Land’s End, the most south-westerly point in Britain, has some popularist tourist attractions but it’s still a lovely place beyond those with some gorgeous views on the walk across the cliffs and is at times stunning.
Look out to sea and you may spot whales, dolphins or seals. The best parts are the cliff paths, in our opinion.
Sennen is indeed very beautiful. As the Atlantic Ocean rages against the rugged rocks at the cliffs above Sennen Cove, then you will feel you are in a remote and beautiful place. This is not a resort as such, nor is it a traditional fishing village; there is nothing touristy about Sennen. Instead, it is laidback Cornwall at its best.
Walkers can head south to the village of Porthgwarra which is around 4.5 miles away, a walk full of cliff top views and rocky coves, often featuring rock arches. A little further takes you to the Minack Theatre near Porthcurno and passing Levens Holy Well. Don’t miss the historical landmark of Logan Rock on the other side of the bay with its famous rocking stone.
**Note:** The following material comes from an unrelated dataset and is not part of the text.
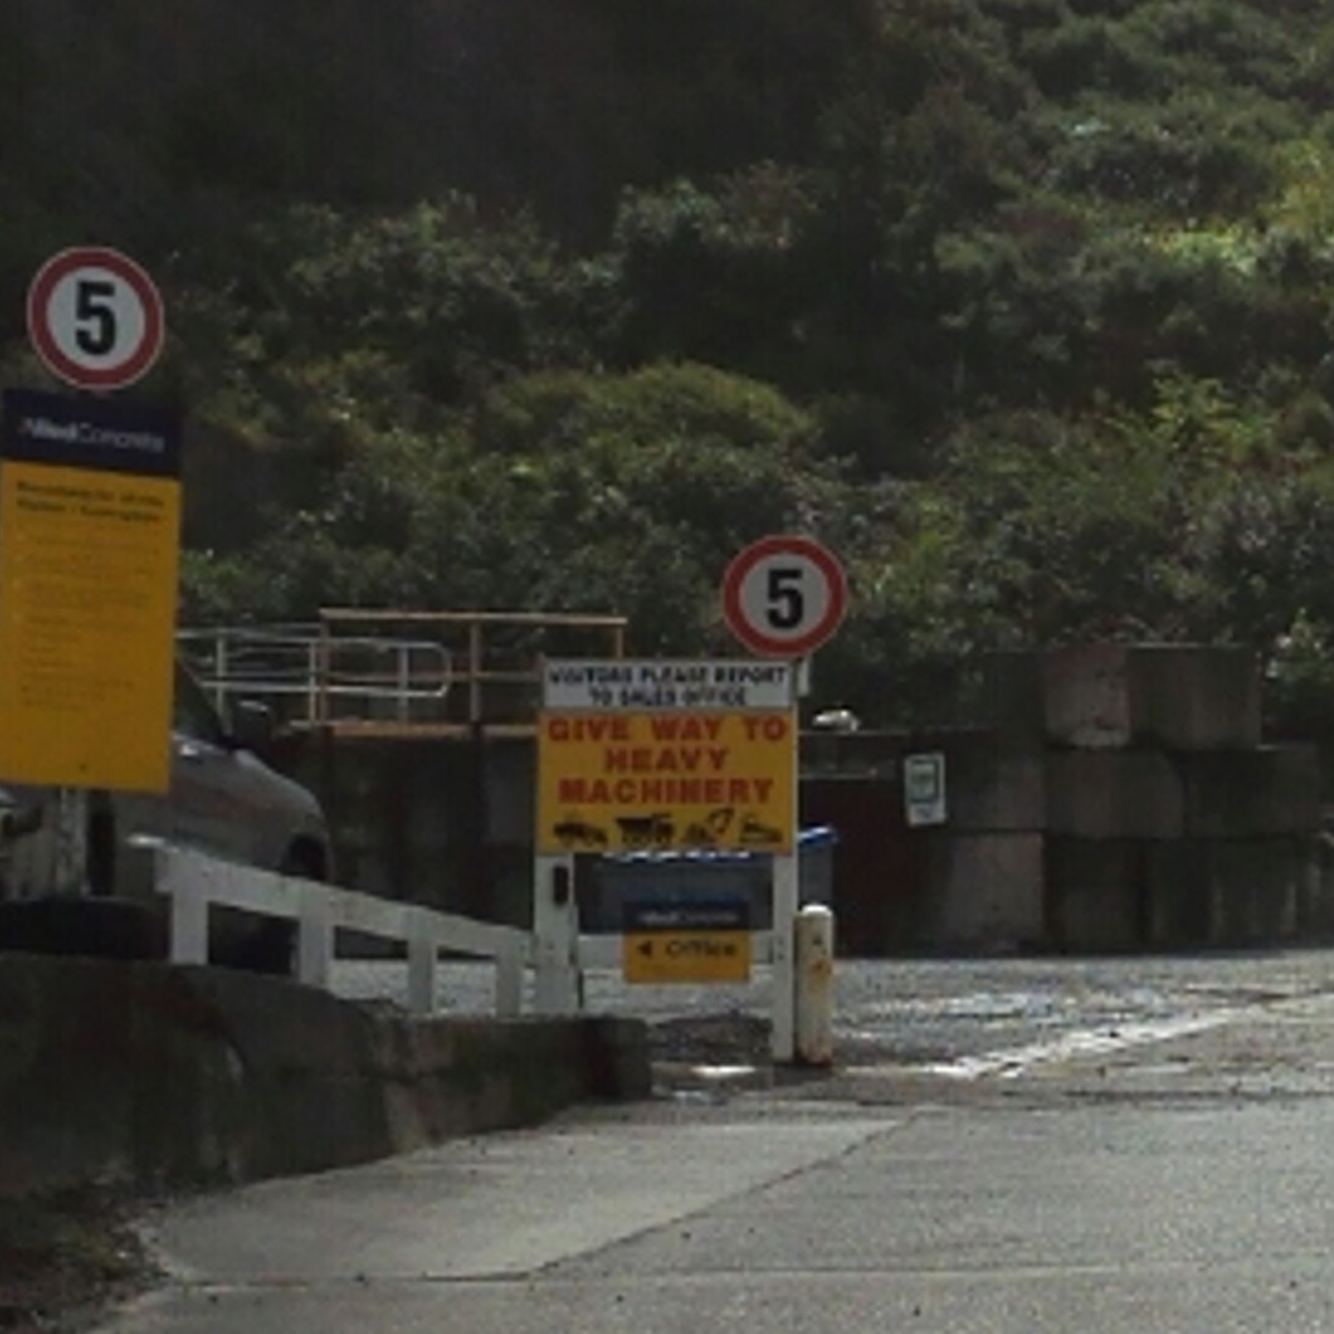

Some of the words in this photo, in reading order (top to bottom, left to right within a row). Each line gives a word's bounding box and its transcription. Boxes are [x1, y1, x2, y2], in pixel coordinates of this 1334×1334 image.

Special things to know about
Phoenix Marine of Sennen Cove offers scenic boat trips around the beautiful coastline of the Land’s End. Visit the stunning Longships Lighthouse and meet the resident aeals. View the famous Land’s End from the sea and take in the breathtaking granite cliffs from a new perspective. See and hear of shipwrecks both recent and historic. They also offer bespoke ‘custom made’ trips. There is no website, however, but you can contact them on +44 7516 973623 – they get great reviews.
There is a shipwreck in-between Sennen and Land’s End that is visible from the cliffs. The hefty RMS Mulheim was wrecked in 2003 – amazingly, no one was hurt, but diesel and a cargo of 2,200 tonnes of plastic was sadly discharged into the sea. Away from the seafront, Sennen is a fascinating place with a smuggling/wrecking history, so many of the 16th century buildings used are still there today.
The best time to visit Sennen weatherwise is June to October, when temperatures tend to be pleasant and rainfall low. The coldest month is February.
Toilets are by the beach car park and the harbour car park.